ECLI:NL:RVS:2025:3060
Raad van State
- Hoger beroep
- Rechtspraak.nl
Hoger beroep tegen afwijzing verblijfsvergunning asiel door minister van Asiel en Migratie
In deze zaak gaat het om het hoger beroep van een appellant tegen de afwijzing van zijn aanvraag voor een verblijfsvergunning asiel voor bepaalde tijd door de minister van Asiel en Migratie. De minister heeft op 21 januari 2025 de aanvraag afgewezen, waarna de rechtbank Den Haag op 24 februari 2025 het beroep van de appellant ongegrond verklaarde.
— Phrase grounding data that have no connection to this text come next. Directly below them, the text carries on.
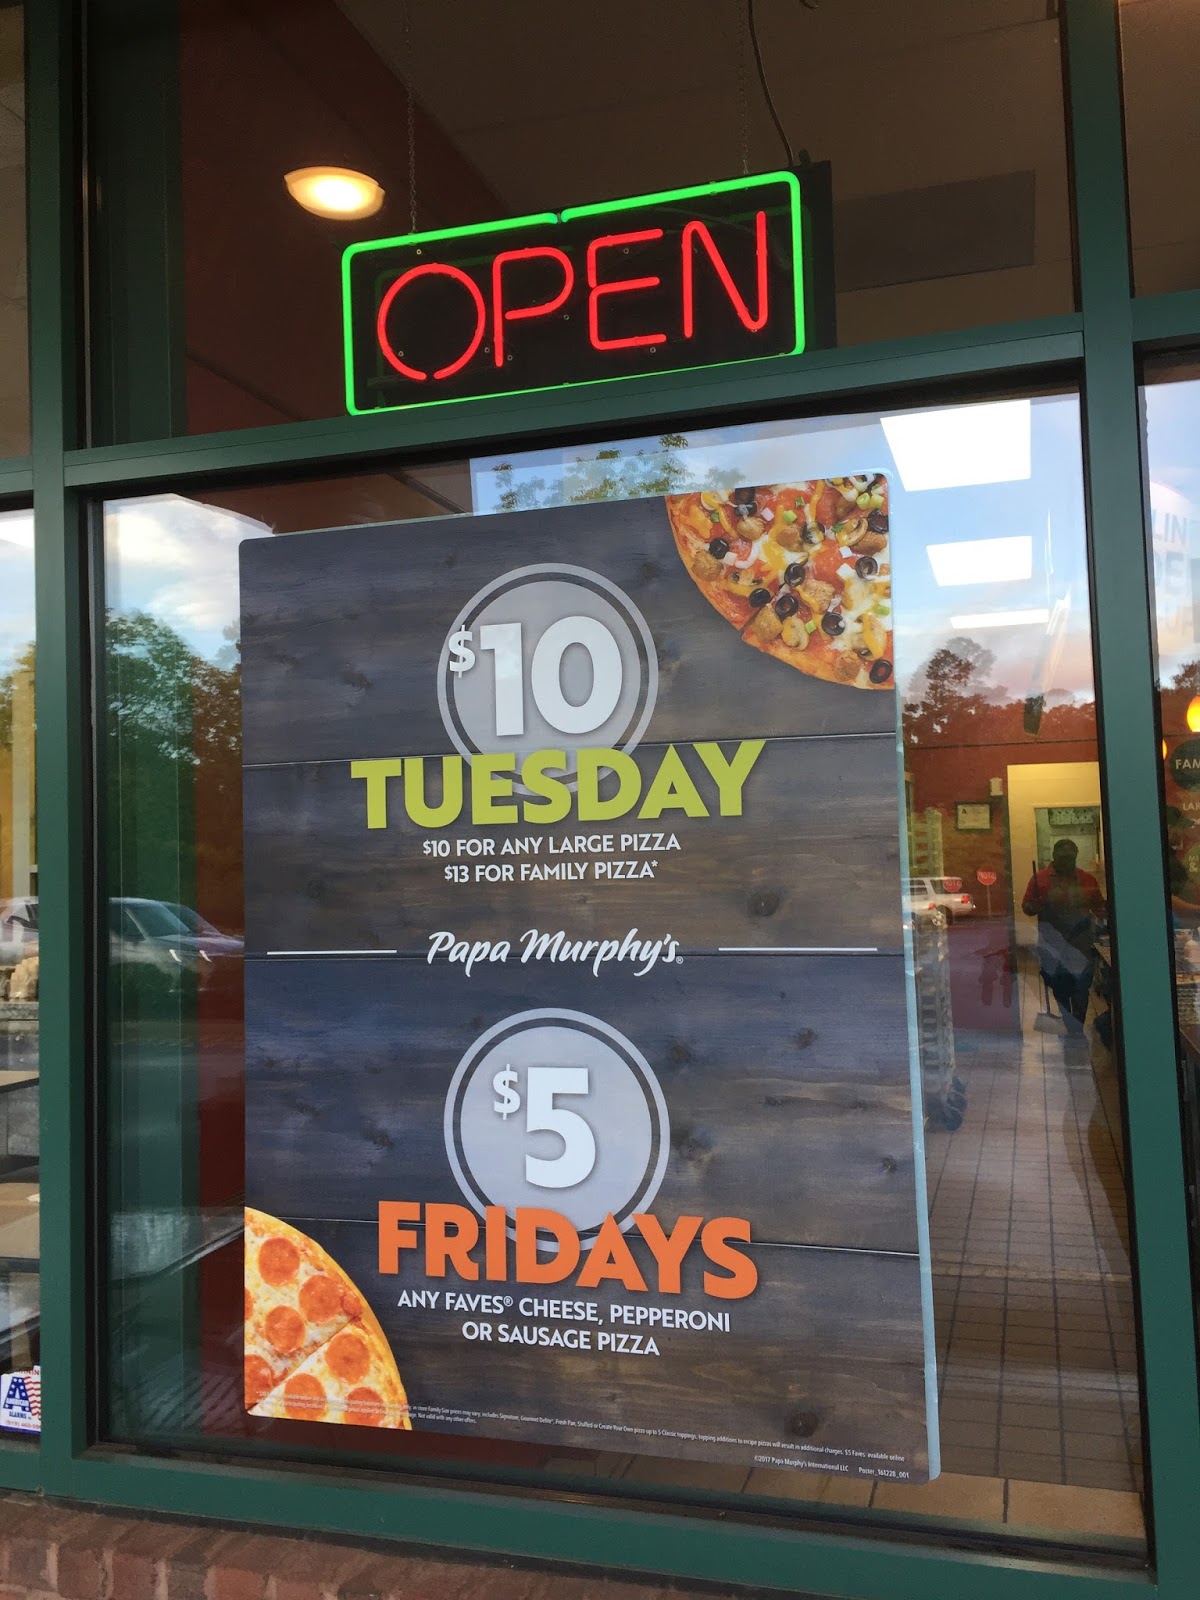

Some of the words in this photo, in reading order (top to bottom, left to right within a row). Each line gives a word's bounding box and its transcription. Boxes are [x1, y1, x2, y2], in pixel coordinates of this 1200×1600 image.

[377, 210, 769, 381] OPEN
[448, 615, 622, 736] $10
[351, 740, 767, 829] TUESDAY
[422, 839, 451, 858] $10
[456, 838, 495, 857] FOR
[500, 836, 543, 855] ANY
[549, 834, 614, 854] LARGE
[620, 832, 682, 852] PIZZA
[444, 864, 470, 883] $13
[475, 863, 514, 882] FOR
[520, 861, 590, 881] FAMILY
[426, 931, 511, 978] Papa
[492, 1063, 596, 1188] $5
[378, 1200, 758, 1299] FRIDAYS
[397, 1289, 440, 1309] ANY
[518, 1297, 603, 1325] CHEESE,
[610, 1304, 731, 1332] PEPPERONI
[462, 1321, 493, 1341] OR
[498, 1324, 591, 1350] SAUSAGE
[598, 1331, 660, 1356] PIZZA
[771, 1457, 784, 1465] Papa
[784, 1458, 807, 1468] Murphy's
[807, 1461, 840, 1471] International
[840, 1464, 849, 1472] LLC
[801, 1444, 824, 1452] additional
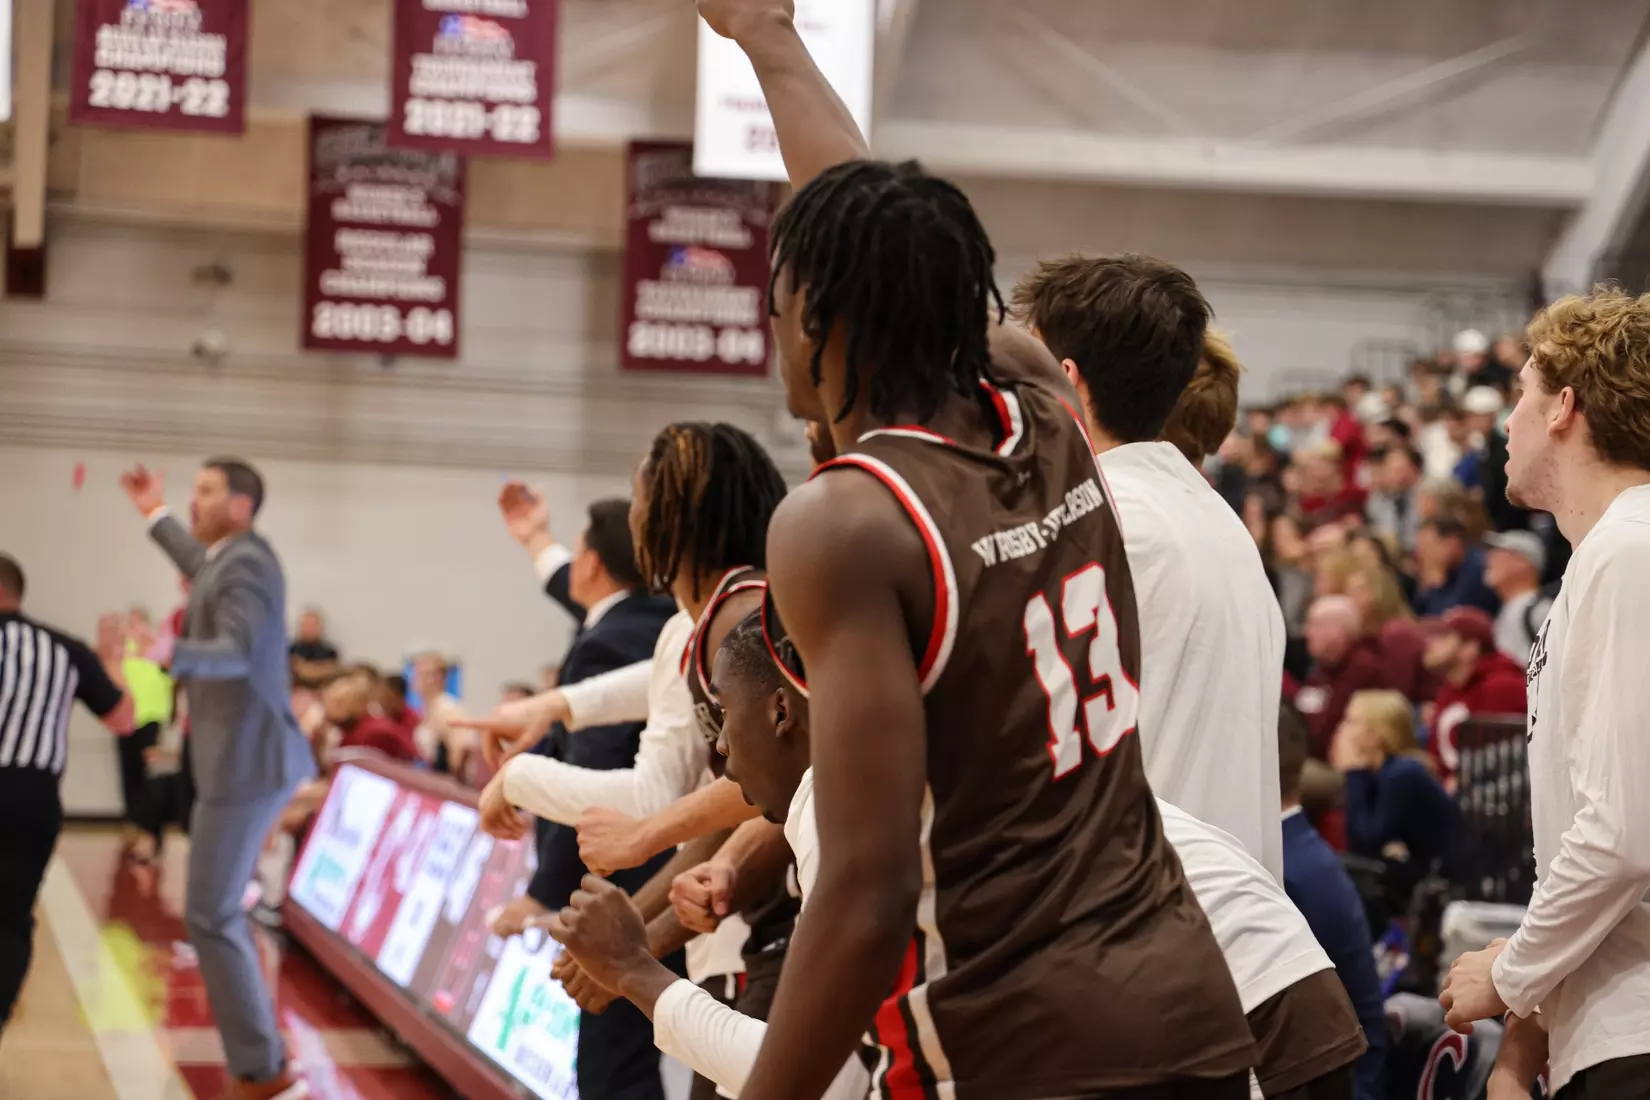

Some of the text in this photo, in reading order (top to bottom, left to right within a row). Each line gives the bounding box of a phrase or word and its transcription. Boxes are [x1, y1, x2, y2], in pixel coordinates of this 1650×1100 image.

[88, 69, 230, 118] 2021-22
[312, 301, 453, 346] 2003-04
[1024, 561, 1140, 782] 13
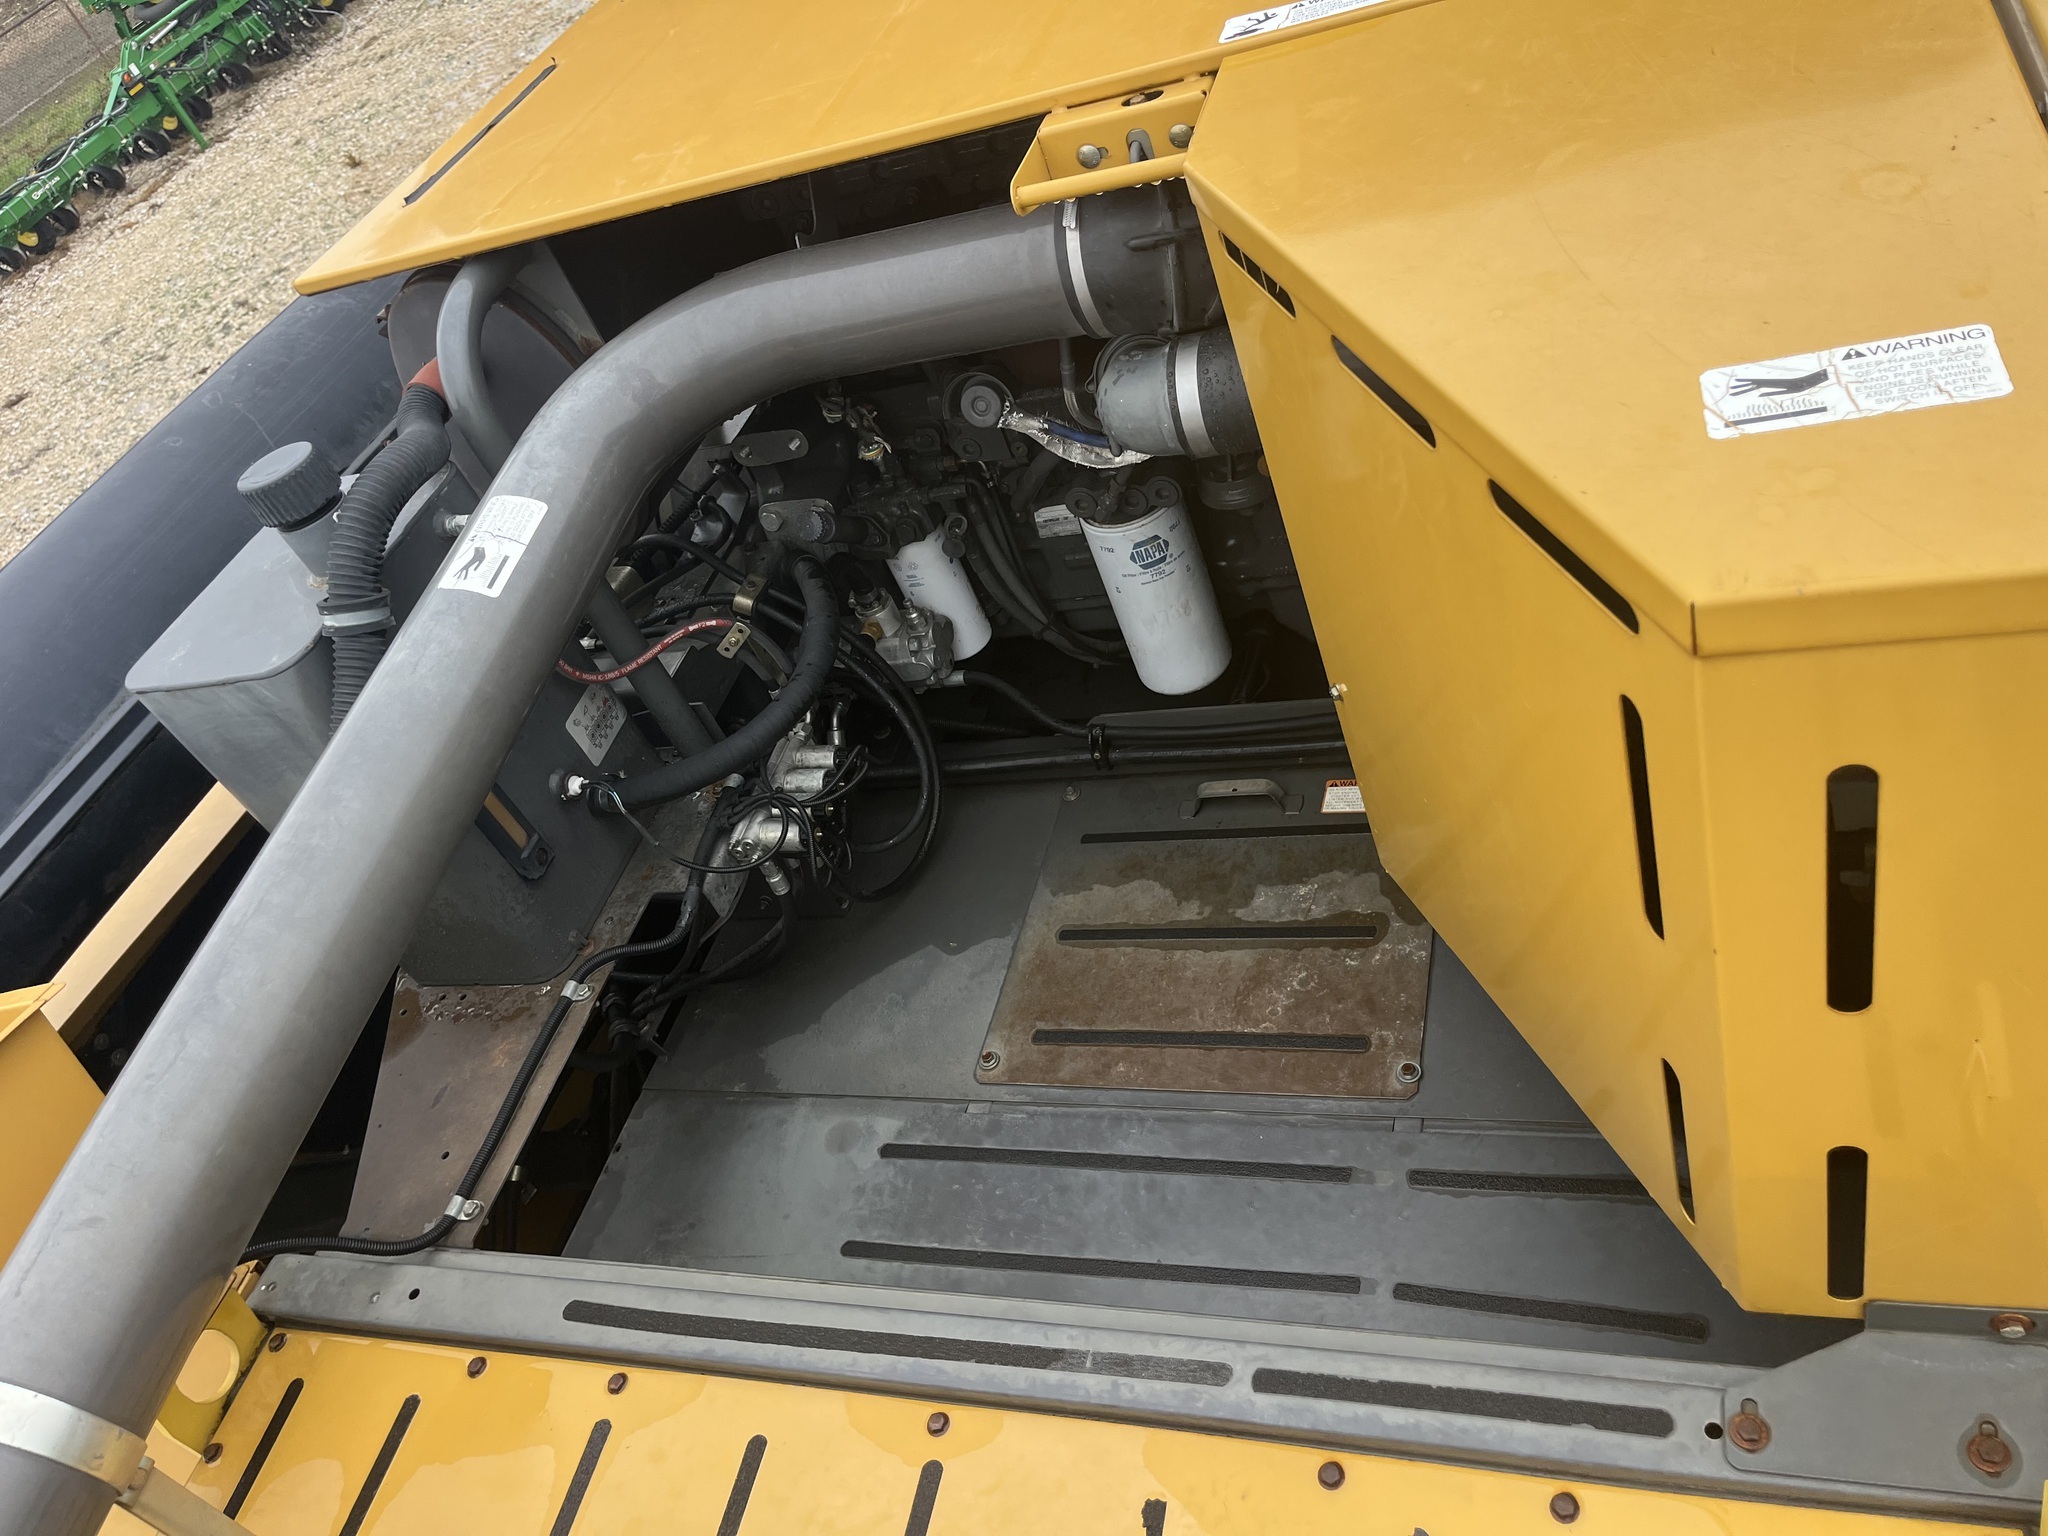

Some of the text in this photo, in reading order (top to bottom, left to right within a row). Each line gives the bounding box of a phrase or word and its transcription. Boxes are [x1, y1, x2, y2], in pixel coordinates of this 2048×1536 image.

[1867, 328, 1986, 356] WARNING
[1848, 343, 1984, 371] KEEP HANDS CLEAR
[1878, 364, 1904, 375] HOT
[1909, 352, 1982, 369] SURFACES
[1855, 379, 1909, 393] ENGINE
[1931, 366, 1992, 383] RUNNING
[1862, 360, 1981, 384] AND PIPES WHILE
[1864, 389, 1893, 400] AND
[1944, 374, 1988, 386] AFTER
[1874, 391, 1930, 405] SWITCH
[1135, 540, 1166, 563] NAPA
[1150, 569, 1166, 579] 7792
[621, 663, 639, 674] FLAME
[637, 644, 663, 665] RESISTANT
De appellant, vertegenwoordigd door mr. H.L.M. Janssen, heeft hoger beroep ingesteld tegen deze uitspraak. De minister heeft in reactie op het hoger beroep een schriftelijke uiteenzetting gegeven. De Afdeling bestuursrechtspraak van de Raad van State heeft in haar overwegingen vastgesteld dat de rechtbank terecht heeft geoordeeld dat een taalanalyse geen wezenlijke bijdrage kan leveren aan het vaststellen van de herkomst en nationaliteit van de appellant. De minister heeft terecht opgemerkt dat dialectverschillen binnen het Tigrinya niet automatisch impliceren dat een taalanalyse zinvol is. Voordat een taalanalyse tot betrouwbare resultaten kan leiden, moet er eerst onderzocht worden of er sprake is van een taalonderscheid dat samenvalt met de relevante staatkundige grenzen. De Afdeling heeft geconcludeerd dat er geen eenduidig beeld bestaat van dialectkenmerken die iemand binnen of buiten de grenzen van Eritrea kunnen plaatsen. Het hoger beroep is ongegrond verklaard en de uitspraak van de rechtbank is bevestigd. De minister hoeft geen proceskosten te vergoeden.